Given information START

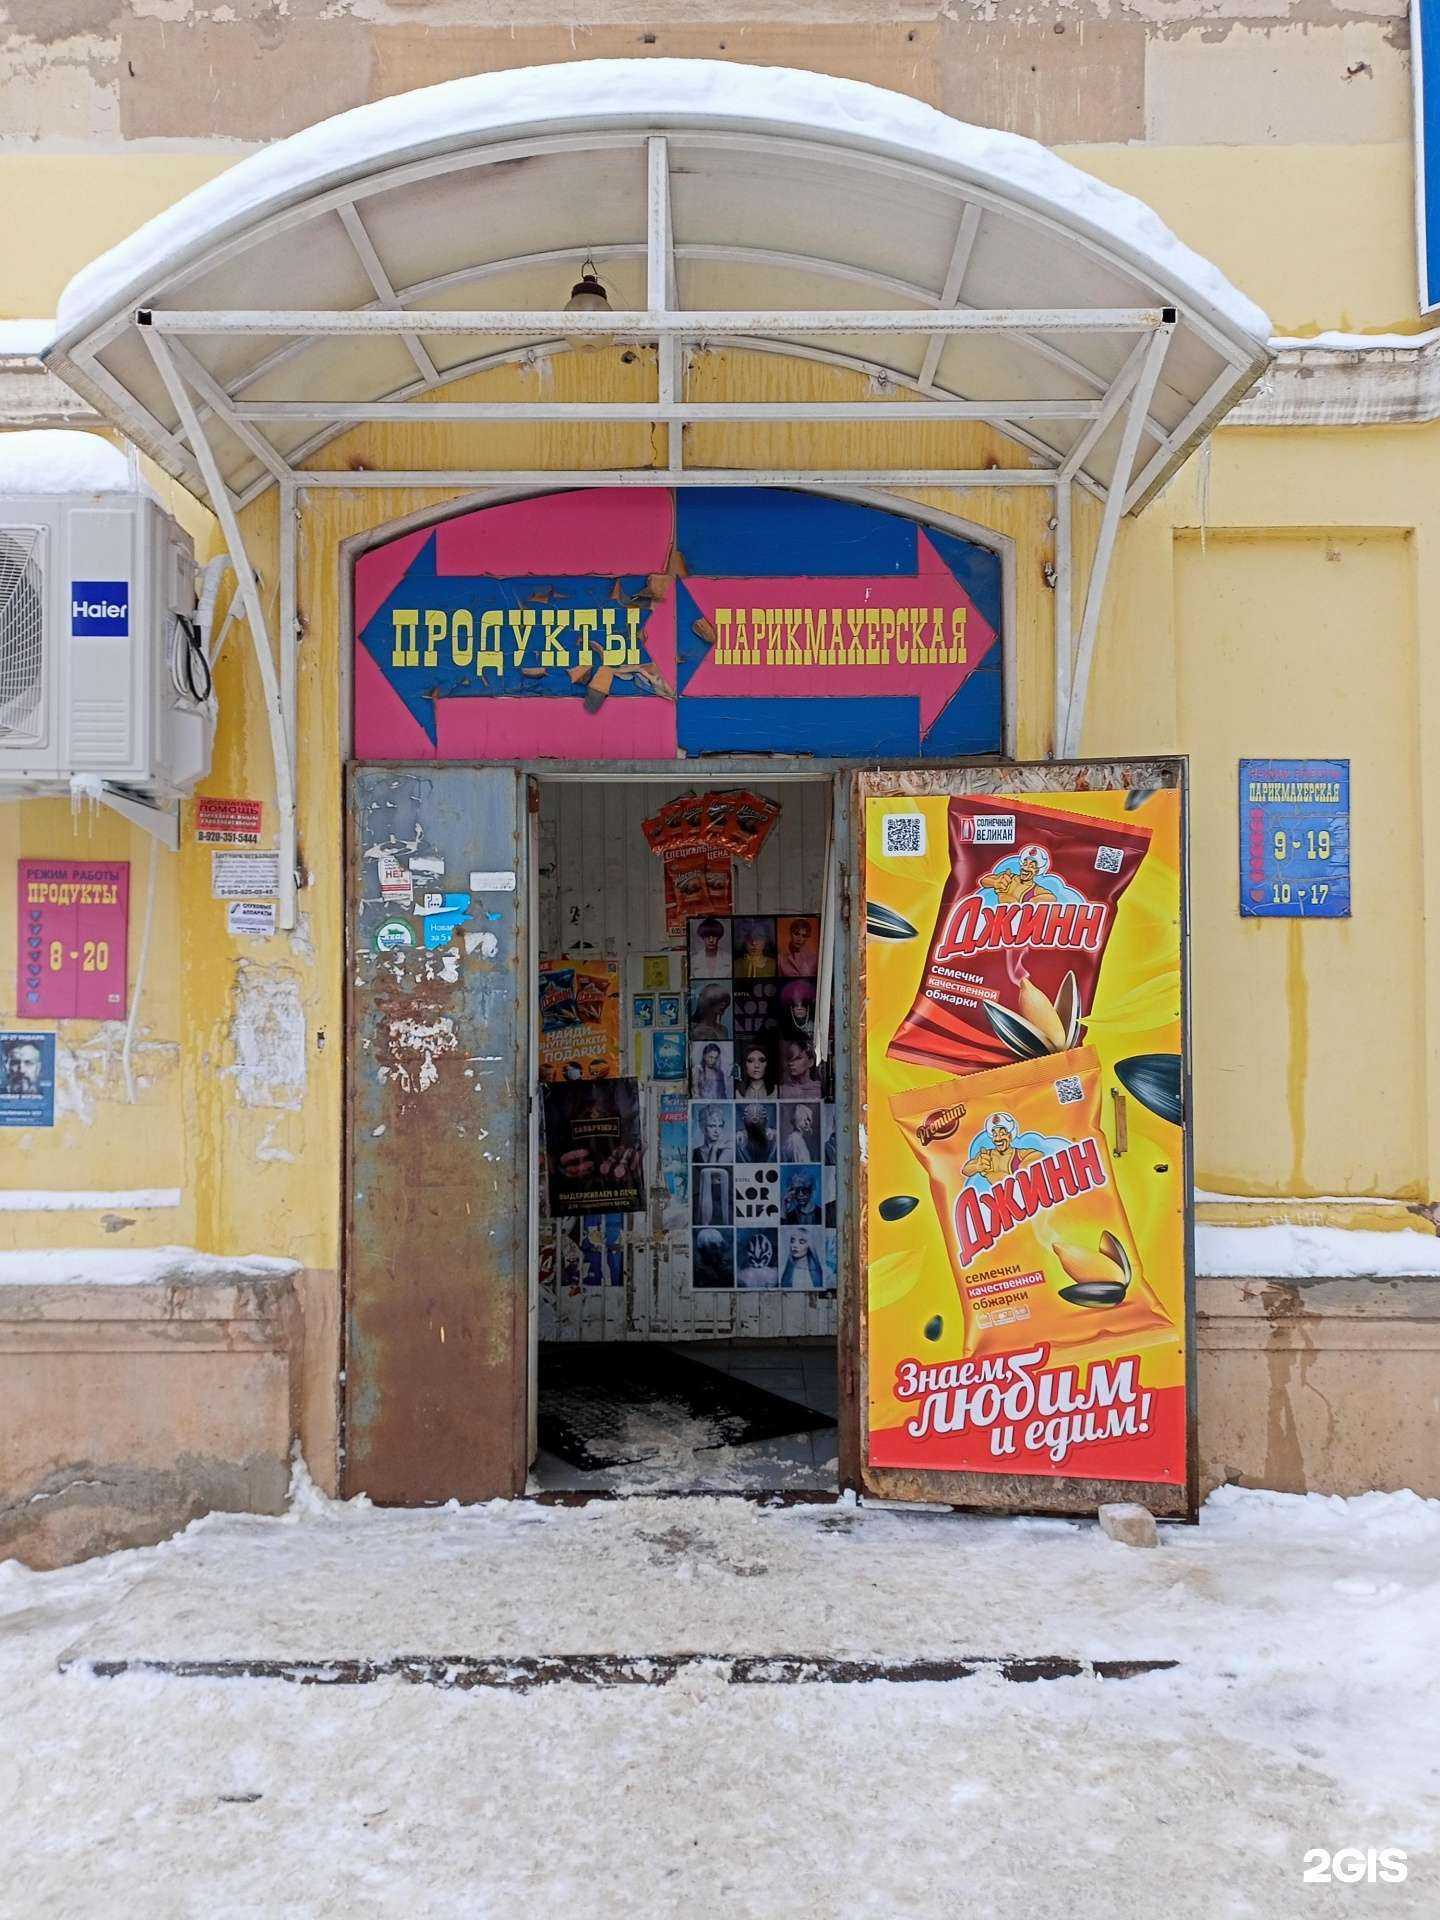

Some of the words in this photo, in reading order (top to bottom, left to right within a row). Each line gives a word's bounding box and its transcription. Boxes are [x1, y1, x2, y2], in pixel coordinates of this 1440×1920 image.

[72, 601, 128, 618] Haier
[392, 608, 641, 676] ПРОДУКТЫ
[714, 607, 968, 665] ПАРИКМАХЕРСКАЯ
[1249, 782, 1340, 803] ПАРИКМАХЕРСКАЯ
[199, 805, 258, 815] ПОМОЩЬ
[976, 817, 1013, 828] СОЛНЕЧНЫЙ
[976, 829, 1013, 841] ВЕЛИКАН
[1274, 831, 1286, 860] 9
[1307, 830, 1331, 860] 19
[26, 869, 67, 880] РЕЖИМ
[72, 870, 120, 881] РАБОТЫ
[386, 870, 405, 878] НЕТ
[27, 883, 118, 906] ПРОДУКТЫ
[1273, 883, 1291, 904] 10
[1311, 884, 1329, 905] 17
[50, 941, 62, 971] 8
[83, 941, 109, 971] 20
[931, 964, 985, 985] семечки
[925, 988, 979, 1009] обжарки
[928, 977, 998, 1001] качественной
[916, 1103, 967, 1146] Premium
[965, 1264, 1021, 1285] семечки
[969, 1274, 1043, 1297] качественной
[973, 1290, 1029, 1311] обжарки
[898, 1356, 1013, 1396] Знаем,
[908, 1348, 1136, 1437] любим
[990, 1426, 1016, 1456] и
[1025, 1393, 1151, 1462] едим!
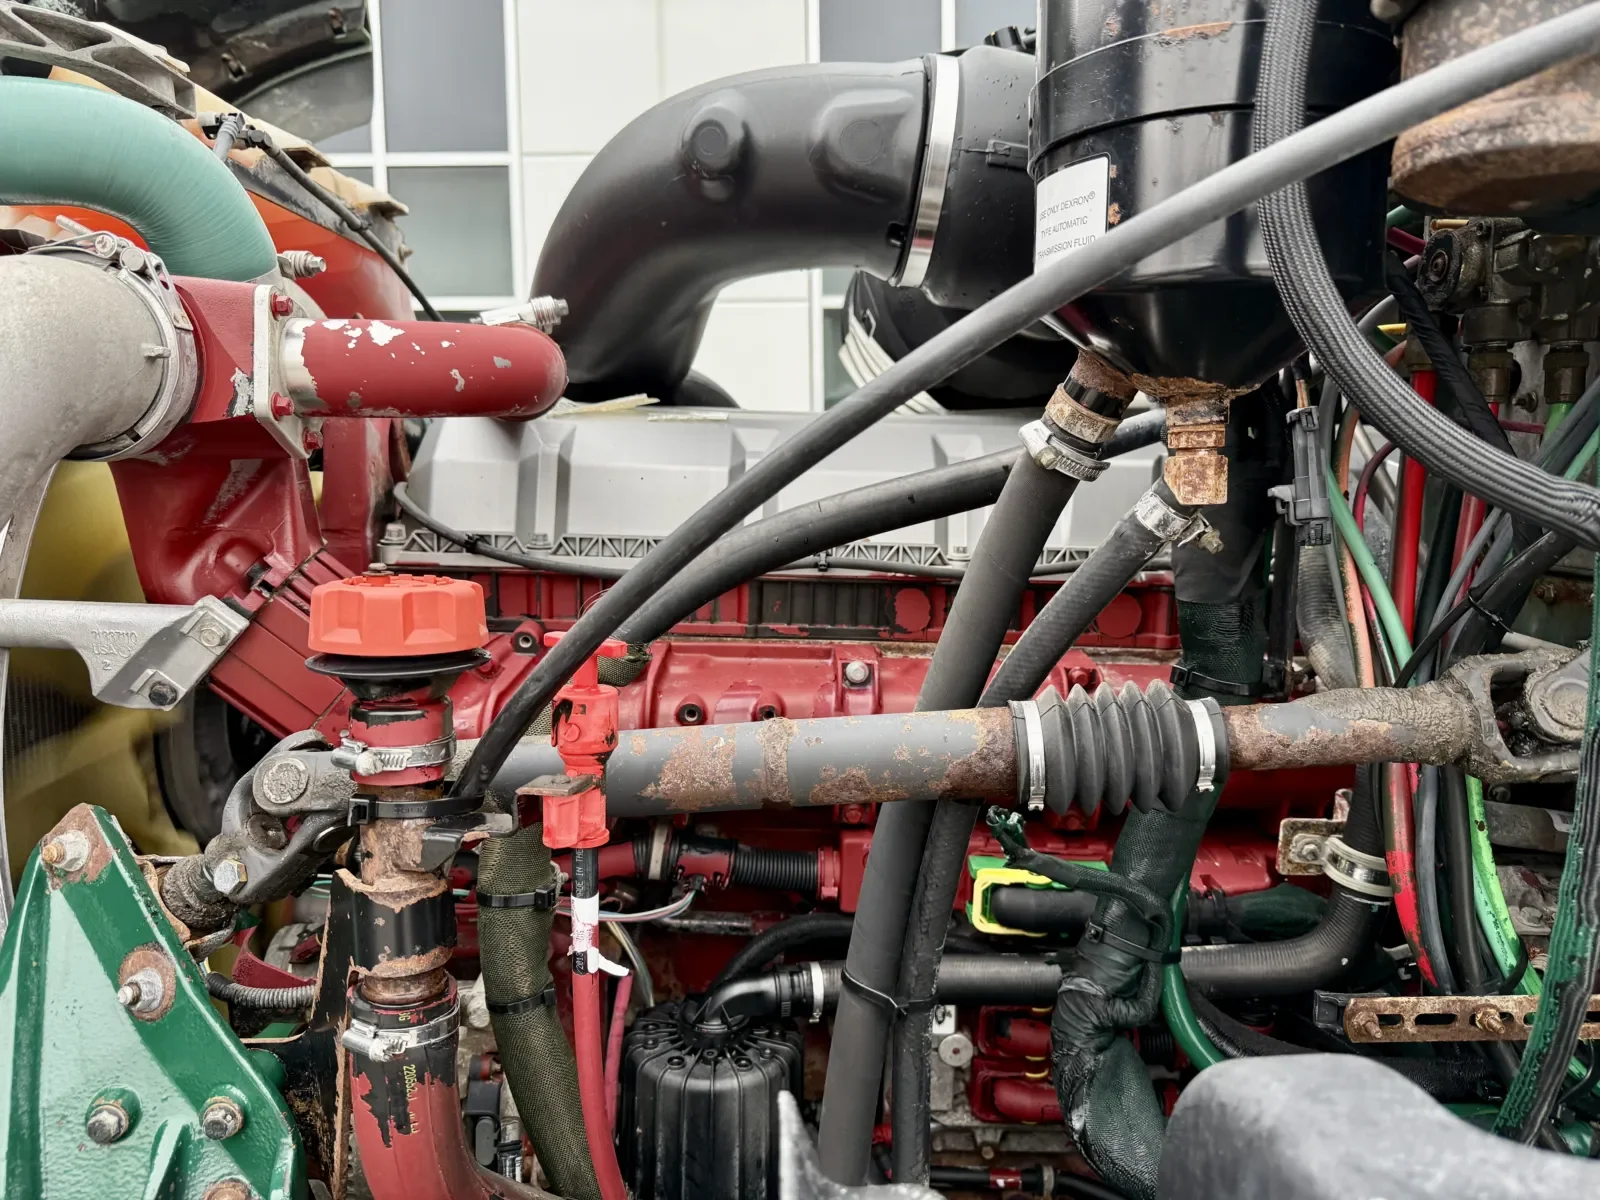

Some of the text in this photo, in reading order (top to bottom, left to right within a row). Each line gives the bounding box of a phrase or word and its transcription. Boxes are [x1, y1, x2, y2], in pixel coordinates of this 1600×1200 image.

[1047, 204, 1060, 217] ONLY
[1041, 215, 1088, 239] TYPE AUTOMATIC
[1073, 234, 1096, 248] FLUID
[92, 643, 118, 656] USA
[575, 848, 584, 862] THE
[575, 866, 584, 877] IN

Given information END

What is required ▸
Please transcribe all of the entries exactly and omit any picture they hold.

Output of the task ▸
Some of the words in this photo, in reading order (top to bottom, left to right within a row). Each line gives a word's bounding box and its transcription. Boxes are [x1, y1, x2, y2], in pixel coordinates of this 1440×1920 image.

[72, 601, 128, 618] Haier
[392, 608, 641, 676] ПРОДУКТЫ
[714, 607, 968, 665] ПАРИКМАХЕРСКАЯ
[1249, 782, 1340, 803] ПАРИКМАХЕРСКАЯ
[199, 805, 258, 815] ПОМОЩЬ
[976, 817, 1013, 828] СОЛНЕЧНЫЙ
[976, 829, 1013, 841] ВЕЛИКАН
[1274, 831, 1286, 860] 9
[1307, 830, 1331, 860] 19
[26, 869, 67, 880] РЕЖИМ
[72, 870, 120, 881] РАБОТЫ
[386, 870, 405, 878] НЕТ
[27, 883, 118, 906] ПРОДУКТЫ
[1273, 883, 1291, 904] 10
[1311, 884, 1329, 905] 17
[50, 941, 62, 971] 8
[83, 941, 109, 971] 20
[931, 964, 985, 985] семечки
[925, 988, 979, 1009] обжарки
[928, 977, 998, 1001] качественной
[916, 1103, 967, 1146] Premium
[965, 1264, 1021, 1285] семечки
[969, 1274, 1043, 1297] качественной
[973, 1290, 1029, 1311] обжарки
[898, 1356, 1013, 1396] Знаем,
[908, 1348, 1136, 1437] любим
[990, 1426, 1016, 1456] и
[1025, 1393, 1151, 1462] едим!

Some of the text in this photo, in reading order (top to bottom, left to right within a row). Each line gives the bounding box of a phrase or word and its transcription. Boxes are [x1, y1, x2, y2], in pixel coordinates of this 1600×1200 image.

[1047, 204, 1060, 217] ONLY
[1041, 215, 1088, 239] TYPE AUTOMATIC
[1073, 234, 1096, 248] FLUID
[92, 643, 118, 656] USA
[575, 848, 584, 862] THE
[575, 866, 584, 877] IN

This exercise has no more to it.